Is there anything in the config or in code I can do to have the content type set? For the filepart it's always "Content-Type: application/octet-stream"
Config:
<binding name="FileTransferServicesBinding"
closeTimeout="00:01:00" openTimeout="00:01:00"
receiveTimeout="00:10:00" sendTimeout="00:01:00"
messageEncoding="Mtom" transferMode="Buffered"
maxBufferSize="67108864" maxReceivedMessageSize="67108864">
<security mode="Transport" />
</binding>
What's currently sent to the service. The multipart header for the file should be application/pdf instead of application/octetstream
POST https://somewebservice HTTP/1.1
MIME-Version: 1.0
Authorization: Basic authhash
SOAPAction: ""
Host: webservicehost
Content-Length: 24517
Expect: 100-continue
Accept-Encoding: gzip, deflate
--uuid:b8366a06-3ecc-4bc4-9809-8c87ad459981+id=1
Content-ID: <http://tempuri.org/0>
Content-Transfer-Encoding: 8bit
Content-Type: application/xop+xml;charset=utf-8;type="text/xml"
<s:Envelope xmlns:s="http://schemas.xmlsoap.org/soap/envelope/"><s:Header>[The soapmessageitself]</s:Envelope>
--uuid:b8366a06-3ecc-4bc4-9809-8c87ad459981+id=1
Content-ID: <http://tempuri.org/1/636787311873257476>
Content-Transfer-Encoding: binary
Content-Type: application/octet-stream // This must be application/pdf
%PDF-1.4
%
1 0 obj
<</Type /Catalog/Pages 2 0 R>> ...
I'm having to guess that you're encoding a response to a request. If so, you just need to add the content type header to your outgoing message:
OperationContext
.Current
.OutgoingMessageHeaders
.Add ("Content-Type", "application/pdf" );
Not 100% sure, but you may need to clear any existing outgoing Content-Type header, first. I don't think it matters that your message is MTOM-encoded. That is theoretically transparent.
Also...just asking...why allow a 64MB buffered message when a streamed message takes so much less memory to transfer...and is likely to be just as fast or faster? You're pretty much guaranteed better performance in a heavily loaded service.
Update:
If you're lucky enough to be using a web api-type of binding (WebHttpBinding)...you can stream out your content pretty easily, specifying the content type. It's not that different than what I'd put in my answer above, but as you'd replied, those headers go to the wrong place.
Instead, it should be:
WebOperationContext
.Current
.OutgoingResponse
.ContentType = "application/pdf";
There's a fantastic article/example here that fully develops the idea...in a way consistent with your objectives.

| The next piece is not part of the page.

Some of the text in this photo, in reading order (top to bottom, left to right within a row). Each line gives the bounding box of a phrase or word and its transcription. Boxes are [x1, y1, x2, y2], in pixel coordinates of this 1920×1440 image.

If you're bound to an older soap binding, then you probably need is to write a custom message encoder. The technique is straightforward enough (if tedious). The basic idea is that you can take control of writing the body of the message in ways that are appropriate to your needs.

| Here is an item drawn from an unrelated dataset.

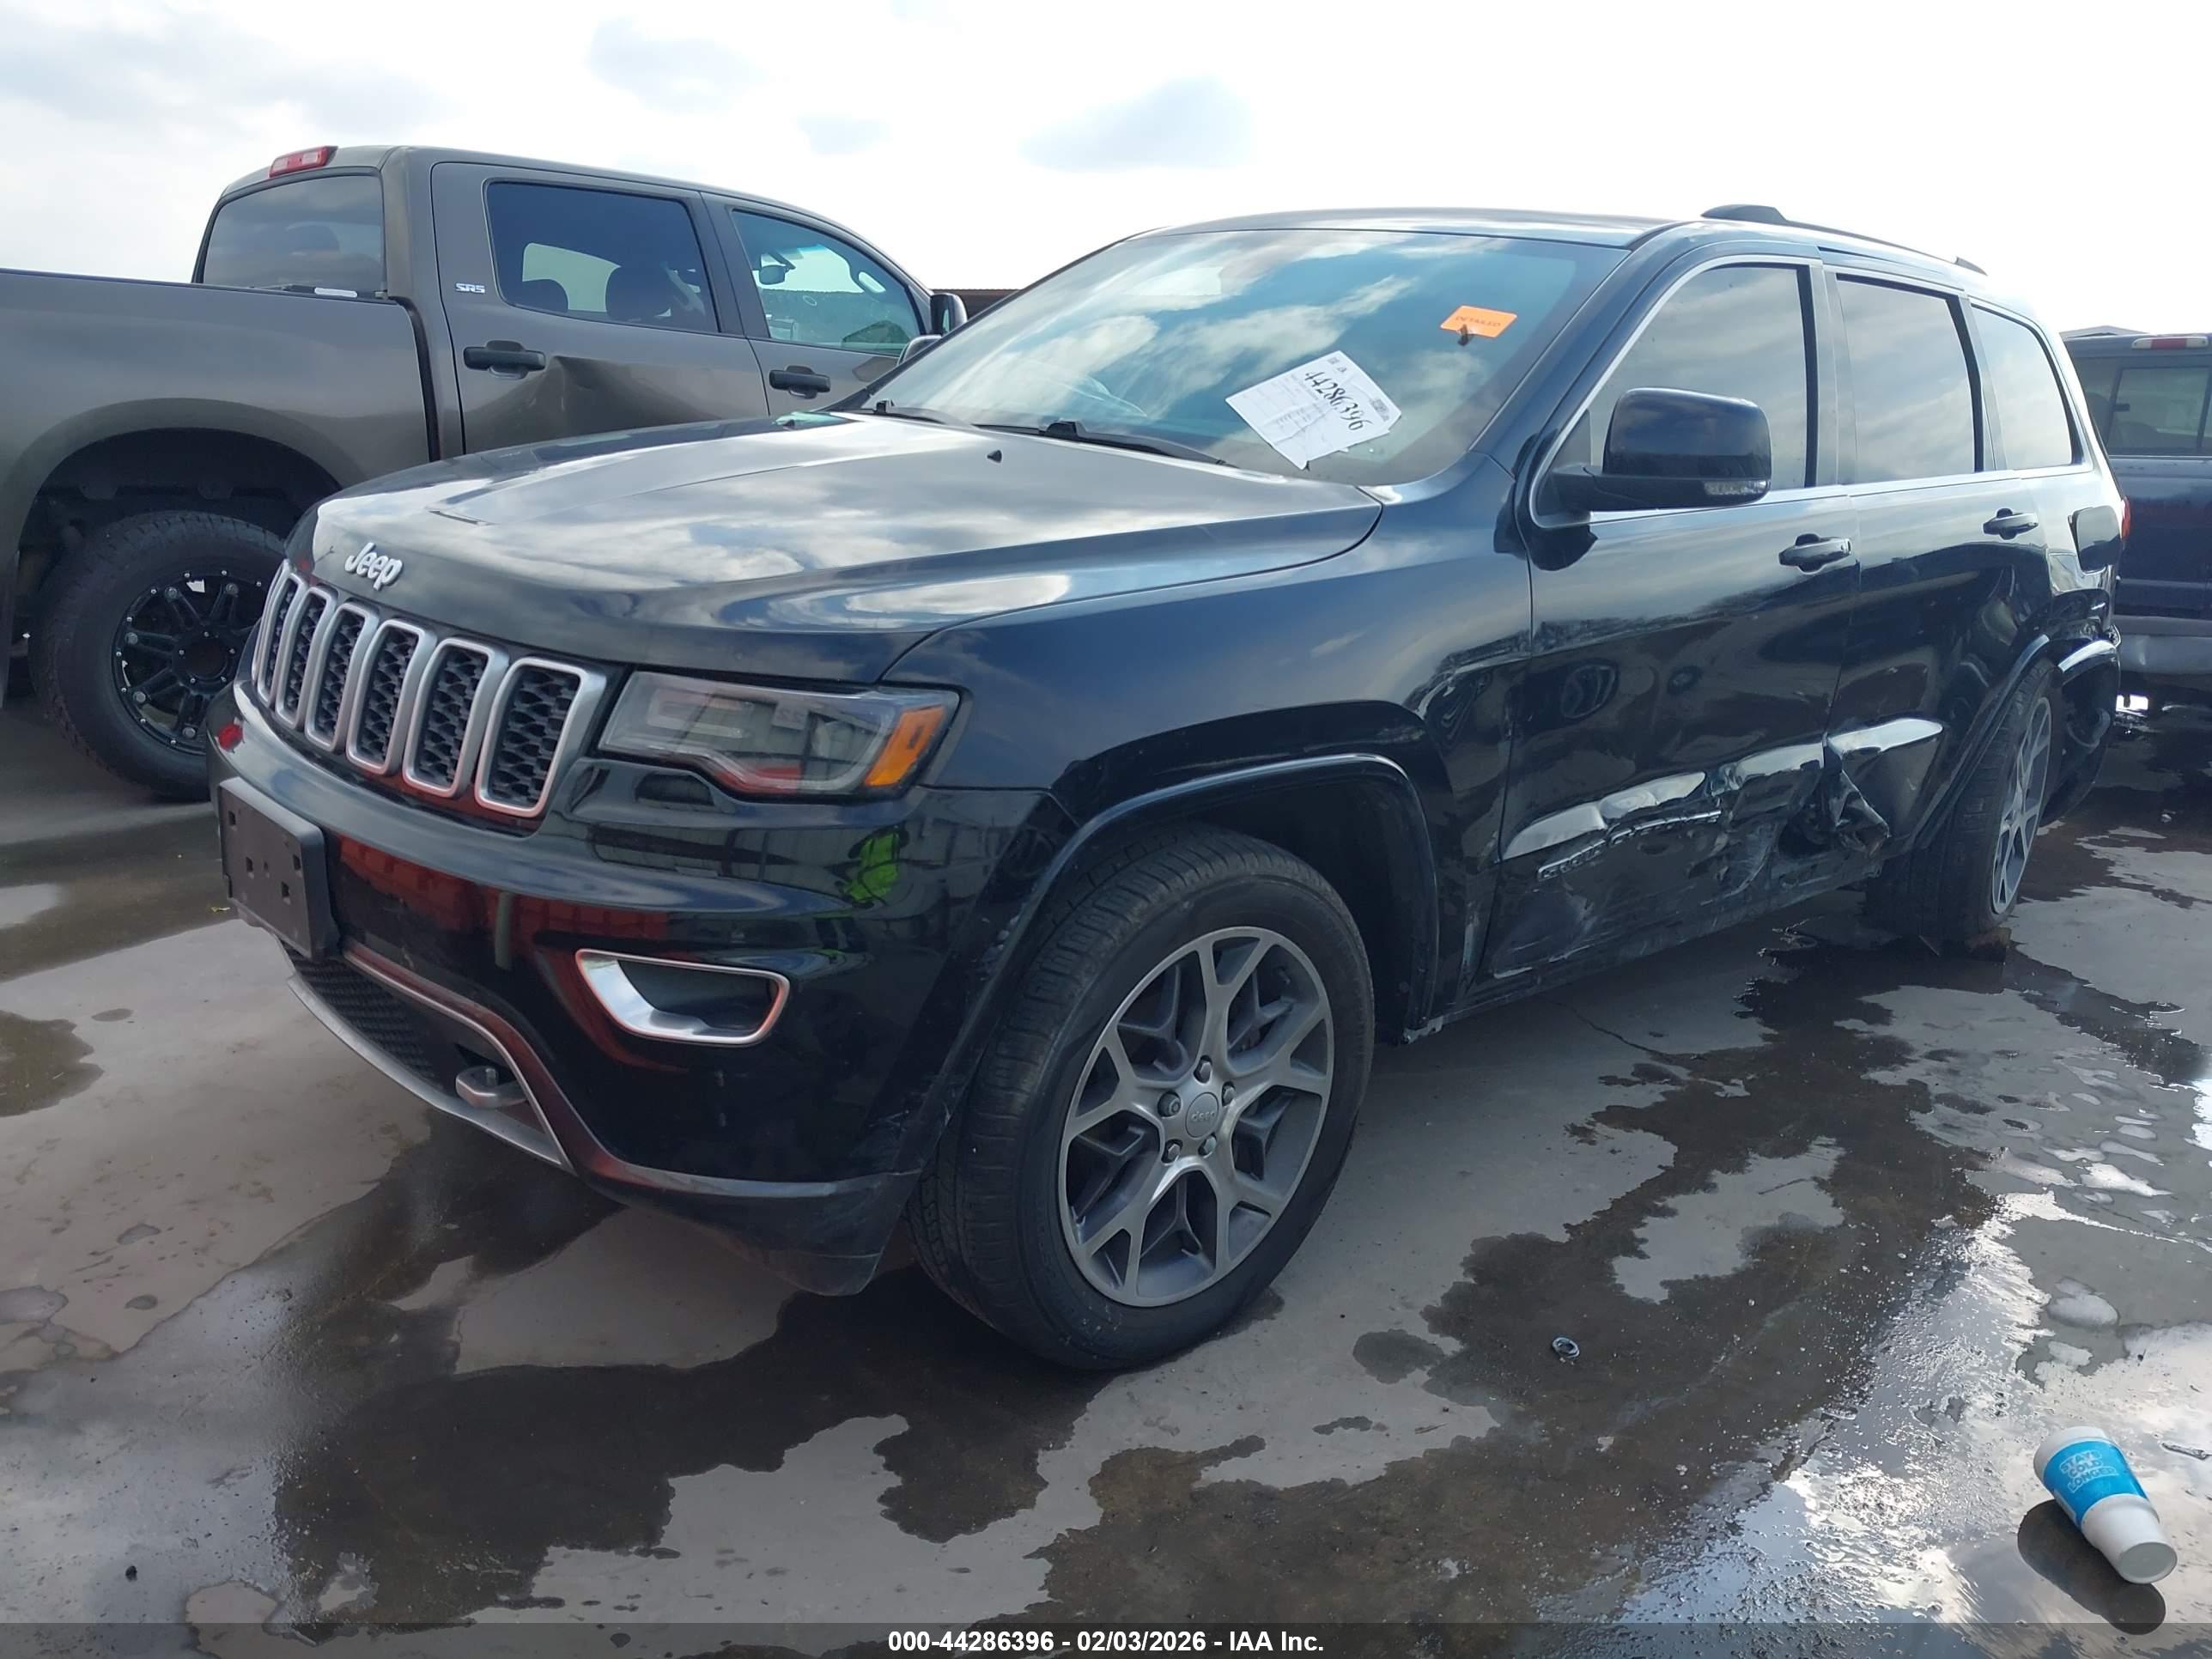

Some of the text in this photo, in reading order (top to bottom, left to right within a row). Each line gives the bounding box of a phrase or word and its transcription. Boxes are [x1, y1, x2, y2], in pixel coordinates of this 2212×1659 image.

[1304, 371, 1375, 431] 44286396
[344, 542, 403, 592] Jeep
[2060, 1450, 2101, 1473] STAYS
[2069, 1460, 2102, 1477] COLD

The encoder itself is trivial. The boilerplate that goes around it will be the tedious part. A custom encoder derives from the abstract MessageEncoder. The important things to do are to override the ContentType
, MediaType
, MessageVersion
properties and the ReadMessage
and WriteMessage
methods. There are variations of the ReadMessage
and WriteMessage
methods for dealing with streamed and buffered messages.

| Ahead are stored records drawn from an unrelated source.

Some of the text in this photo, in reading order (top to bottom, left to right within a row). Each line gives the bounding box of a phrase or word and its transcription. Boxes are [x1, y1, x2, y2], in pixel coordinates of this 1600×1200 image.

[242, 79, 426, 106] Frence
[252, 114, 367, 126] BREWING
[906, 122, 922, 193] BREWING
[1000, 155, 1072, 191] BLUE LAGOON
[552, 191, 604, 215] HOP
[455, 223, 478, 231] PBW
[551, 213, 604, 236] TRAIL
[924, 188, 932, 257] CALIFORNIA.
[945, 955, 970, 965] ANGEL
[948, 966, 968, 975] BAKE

The ugly part is the boilerplate that you have to write to deploy your encoder. You have make an encoder factory, and a custom binding element. Not 'orrible, but noisy. There's a couple of examples of the whole ball of wax (including the factory and binding element support) in the in the example code package here...which can save you some time.